_PROBLEM_
The lines below, from the one holding "this 1280×1440 image." through the one holding "this 1288×966 image.", are to be restated word for word, with all images left out.

_THE DATA_
━━━

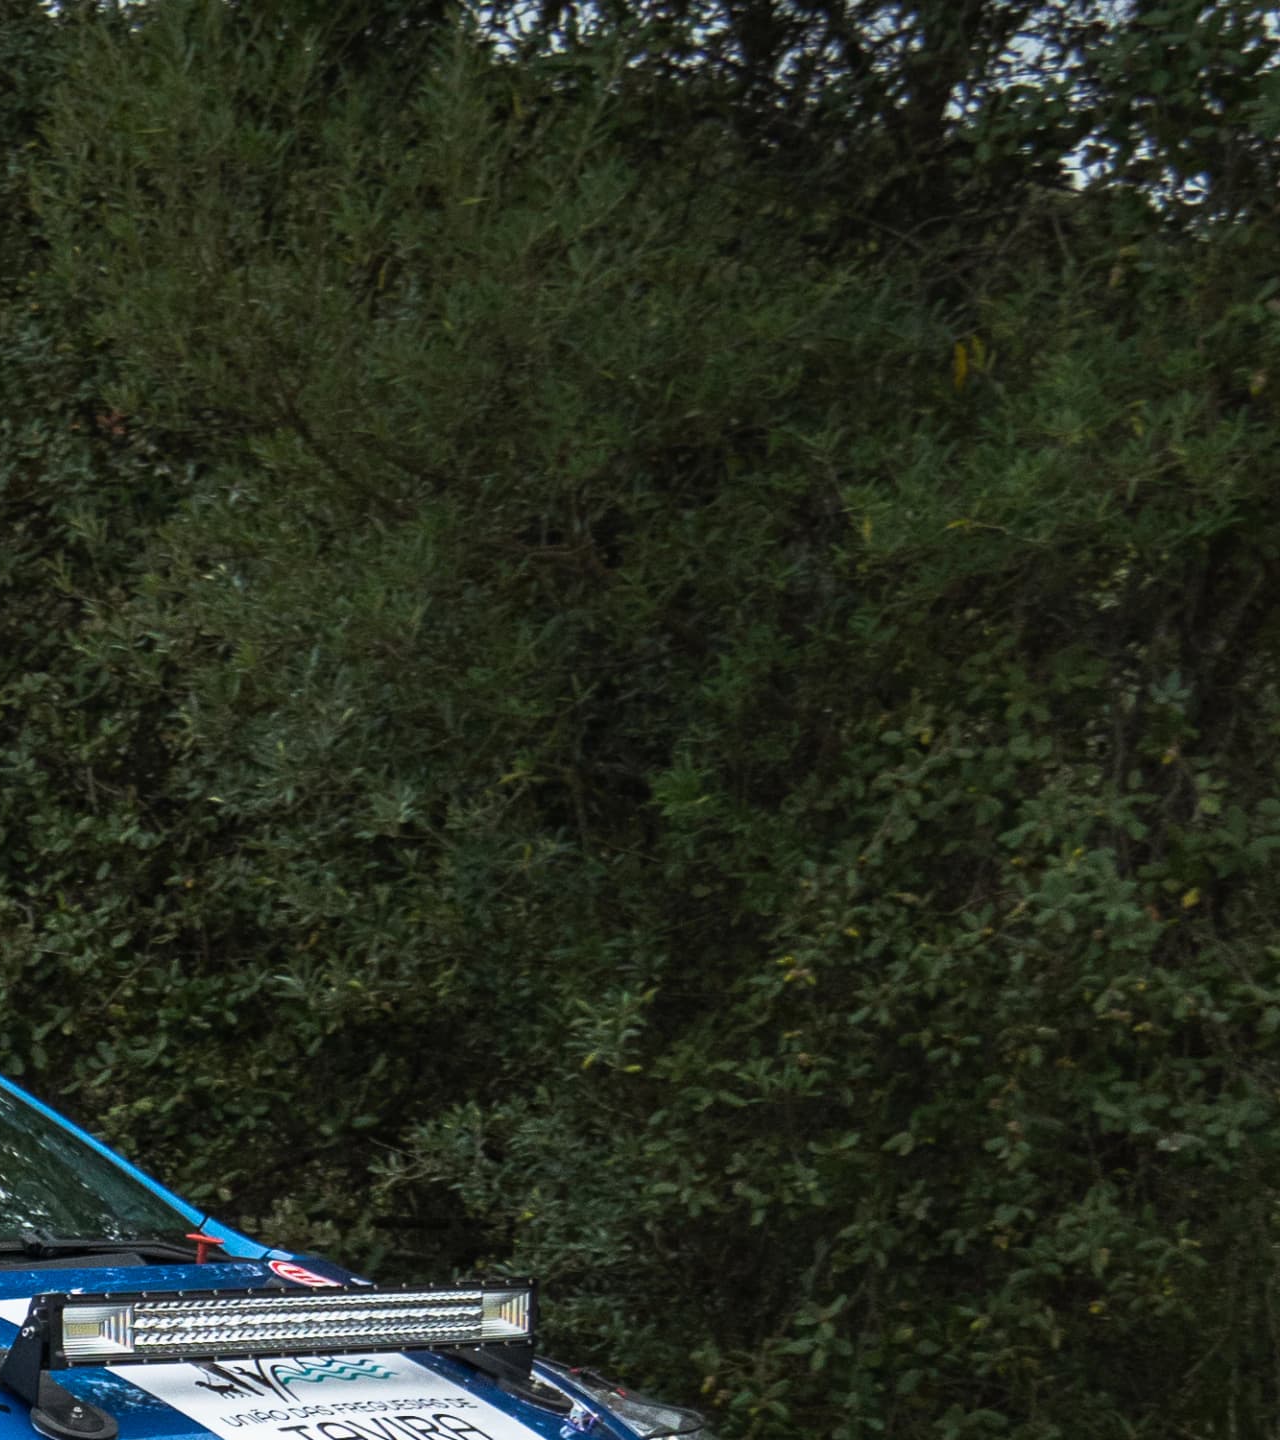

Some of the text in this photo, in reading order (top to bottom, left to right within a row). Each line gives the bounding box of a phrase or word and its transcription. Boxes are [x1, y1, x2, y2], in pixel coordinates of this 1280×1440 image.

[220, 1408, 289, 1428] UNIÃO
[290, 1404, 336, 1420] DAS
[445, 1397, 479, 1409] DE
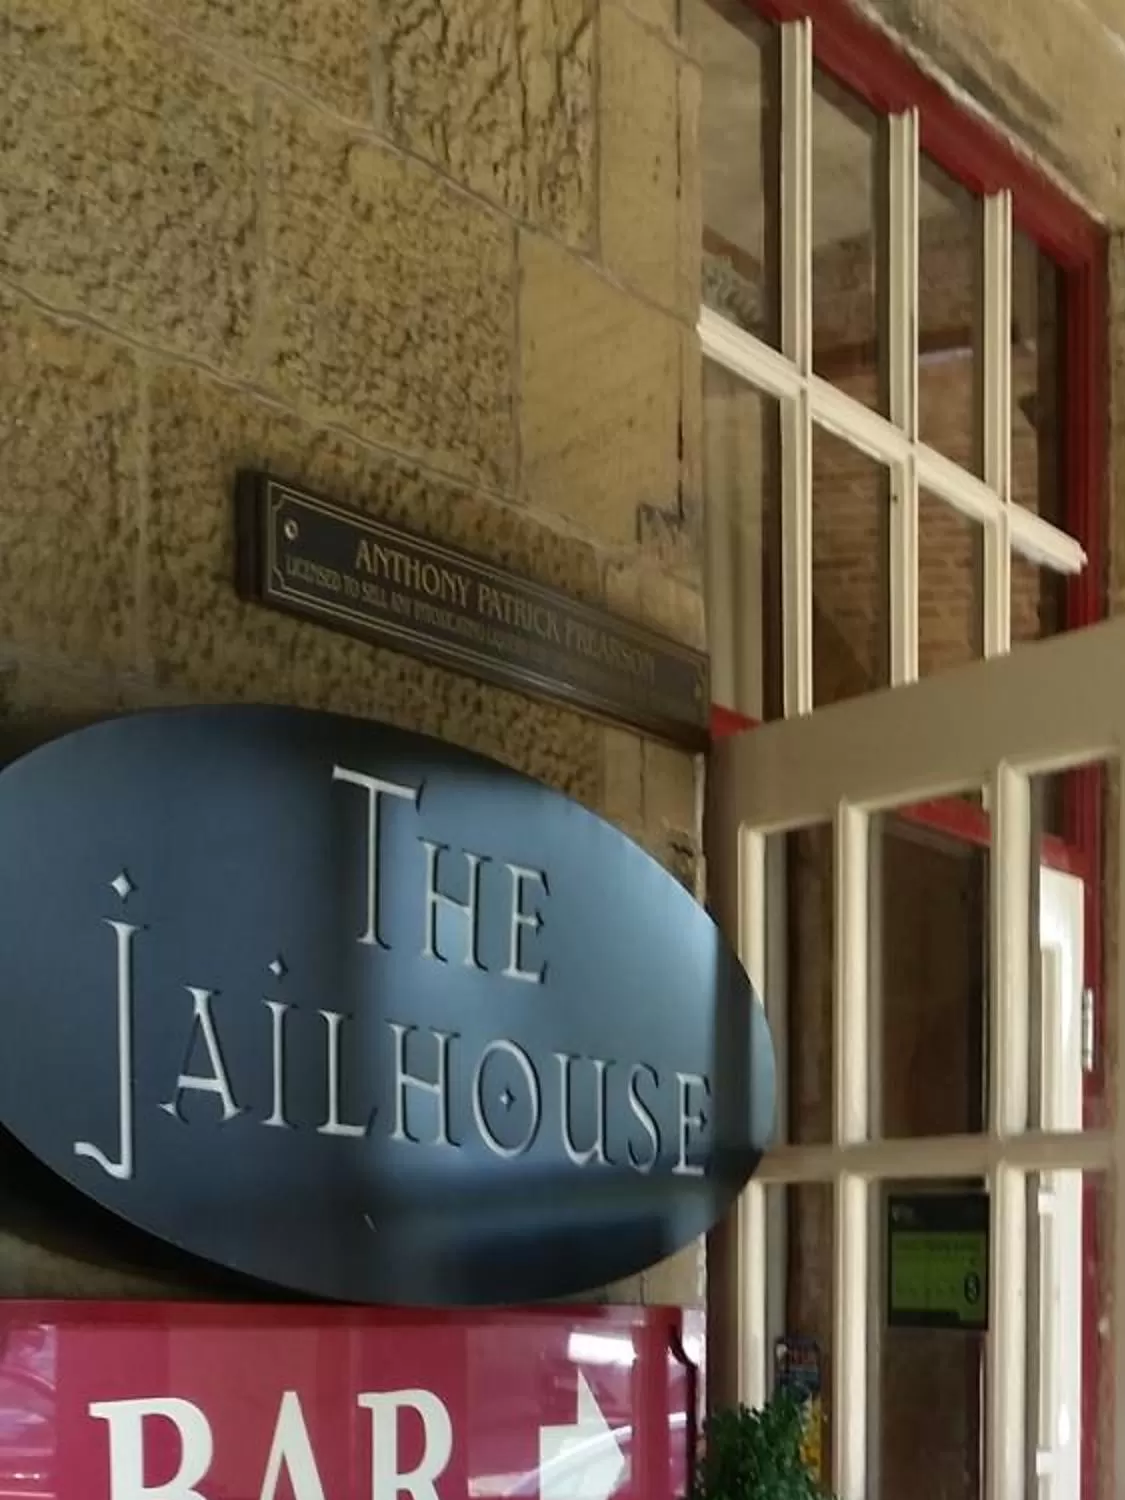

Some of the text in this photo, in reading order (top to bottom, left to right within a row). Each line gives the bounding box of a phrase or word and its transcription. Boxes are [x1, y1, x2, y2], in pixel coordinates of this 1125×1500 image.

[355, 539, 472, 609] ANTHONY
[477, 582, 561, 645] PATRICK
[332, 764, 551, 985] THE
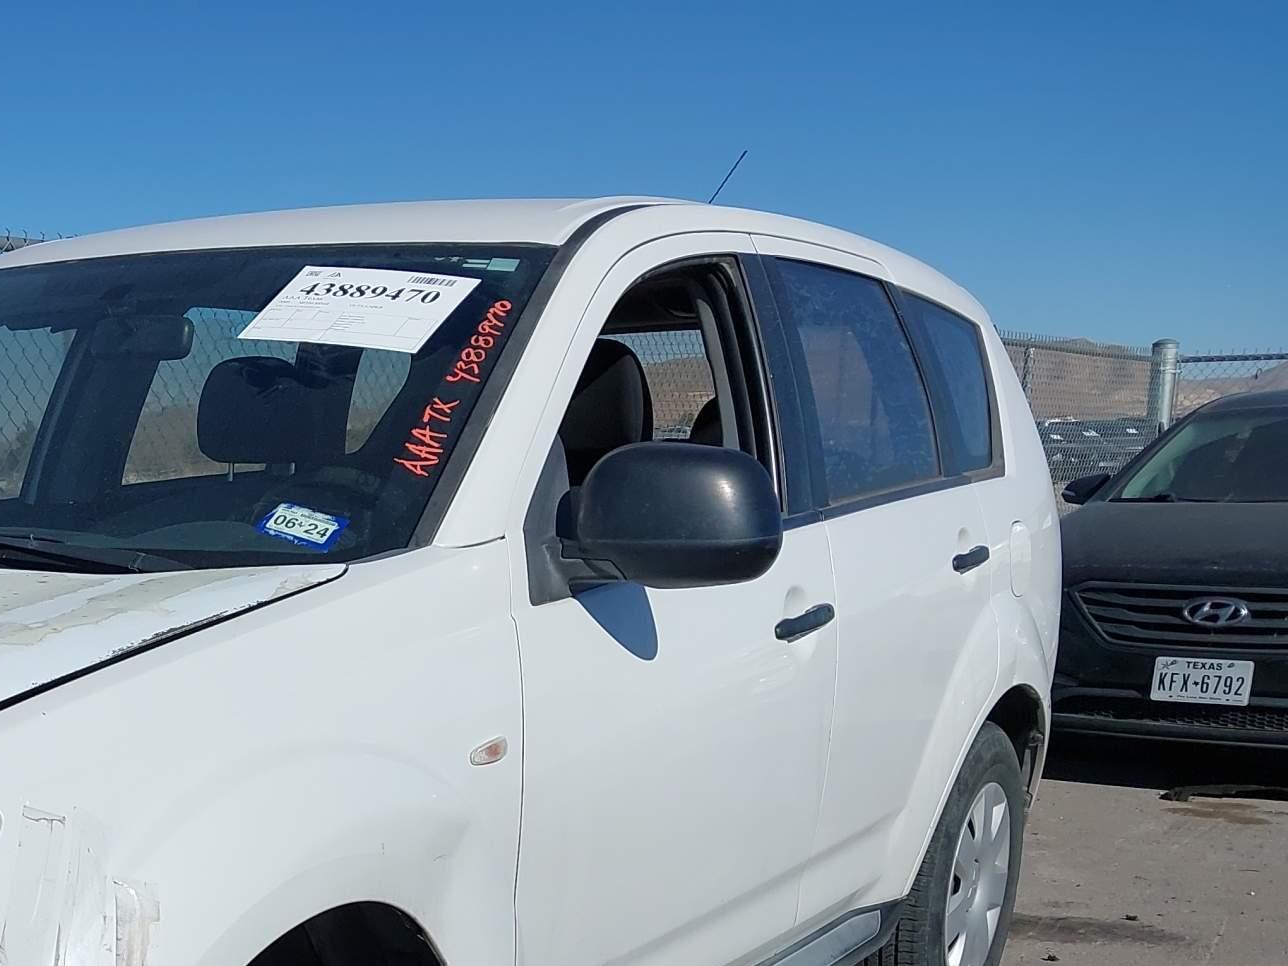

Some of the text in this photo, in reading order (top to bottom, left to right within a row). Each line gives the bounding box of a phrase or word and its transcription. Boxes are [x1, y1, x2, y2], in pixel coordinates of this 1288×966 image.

━━━

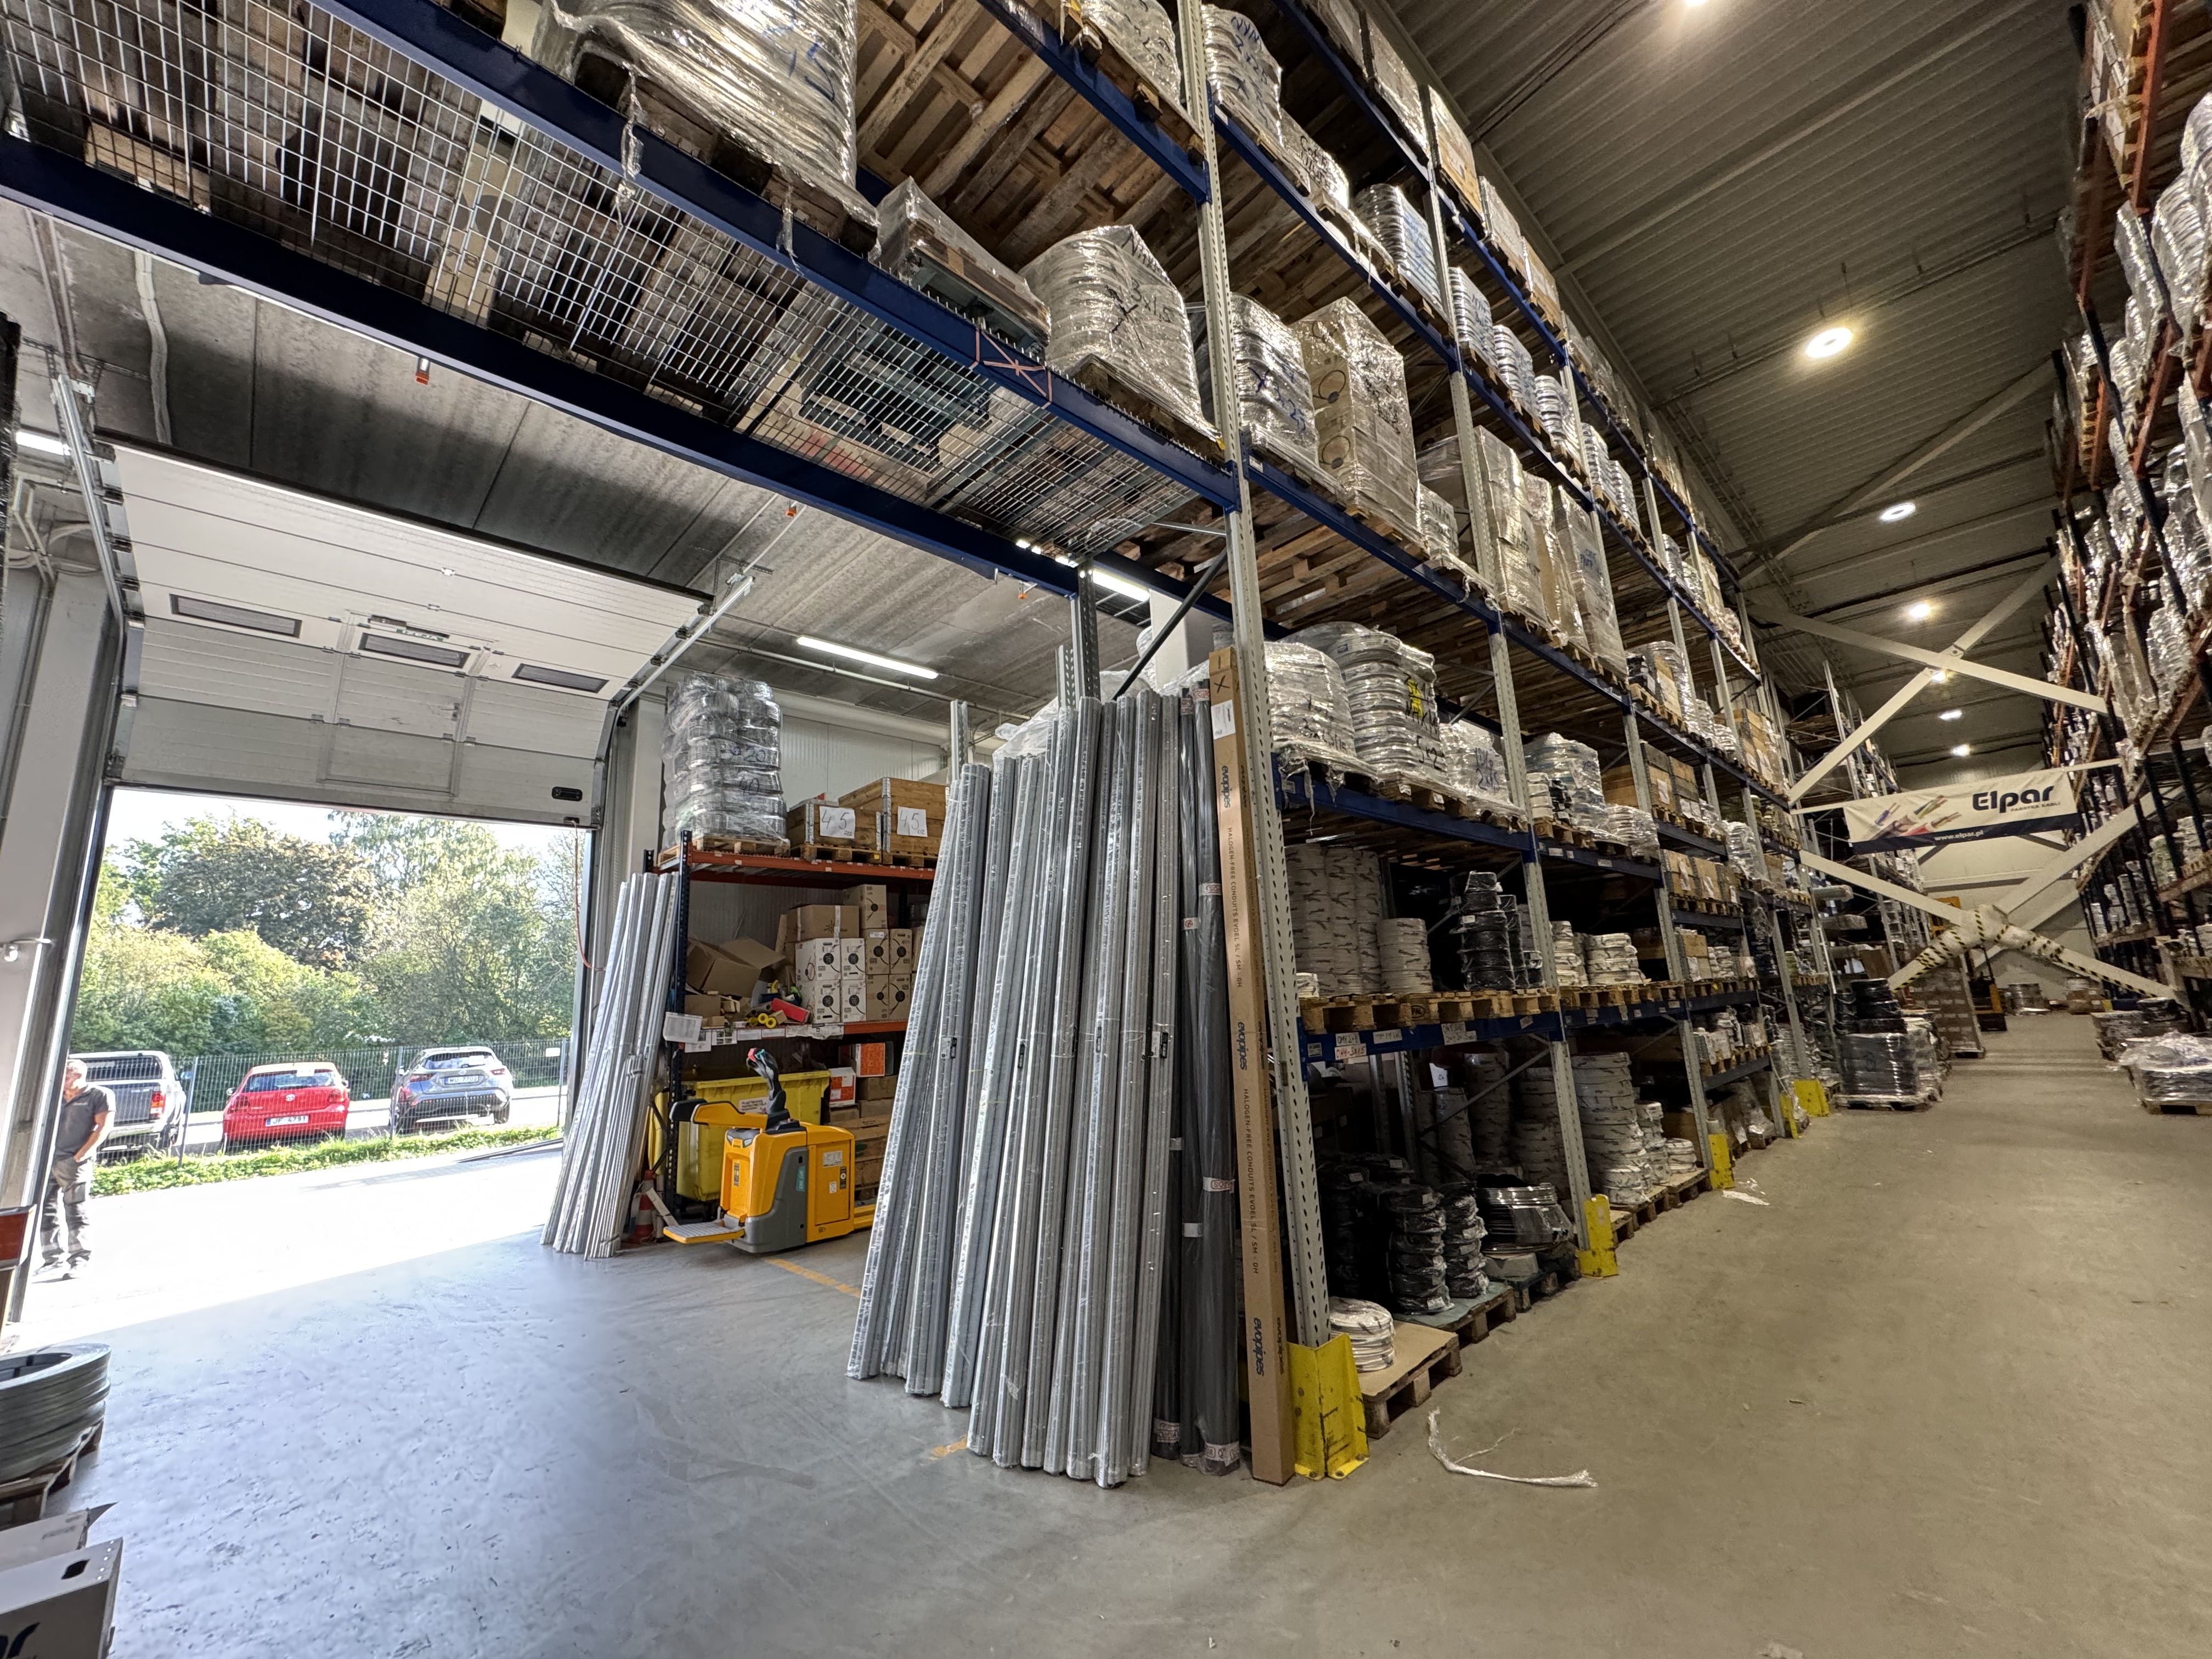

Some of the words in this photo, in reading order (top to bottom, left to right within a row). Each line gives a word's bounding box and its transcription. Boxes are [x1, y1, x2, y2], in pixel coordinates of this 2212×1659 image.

━━━

_SOLUTION FOR THIS TASK_
Some of the text in this photo, in reading order (top to bottom, left to right within a row). Each line gives the bounding box of a phrase or word and its transcription. Boxes are [x1, y1, x2, y2], in pixel coordinates of this 1280×1440 image.

[220, 1408, 289, 1428] UNIÃO
[290, 1404, 336, 1420] DAS
[445, 1397, 479, 1409] DE

Some of the text in this photo, in reading order (top to bottom, left to right within a row). Each line gives the bounding box of a phrase or word and its transcription. Boxes are [x1, y1, x2, y2], in pixel coordinates of this 1125×1500 image.

[355, 539, 472, 609] ANTHONY
[477, 582, 561, 645] PATRICK
[332, 764, 551, 985] THE

Some of the text in this photo, in reading order (top to bottom, left to right within a row). Each line gives the bounding box of a phrase or word and its transcription. Boxes are [x1, y1, x2, y2], in pixel coordinates of this 1288×966 image.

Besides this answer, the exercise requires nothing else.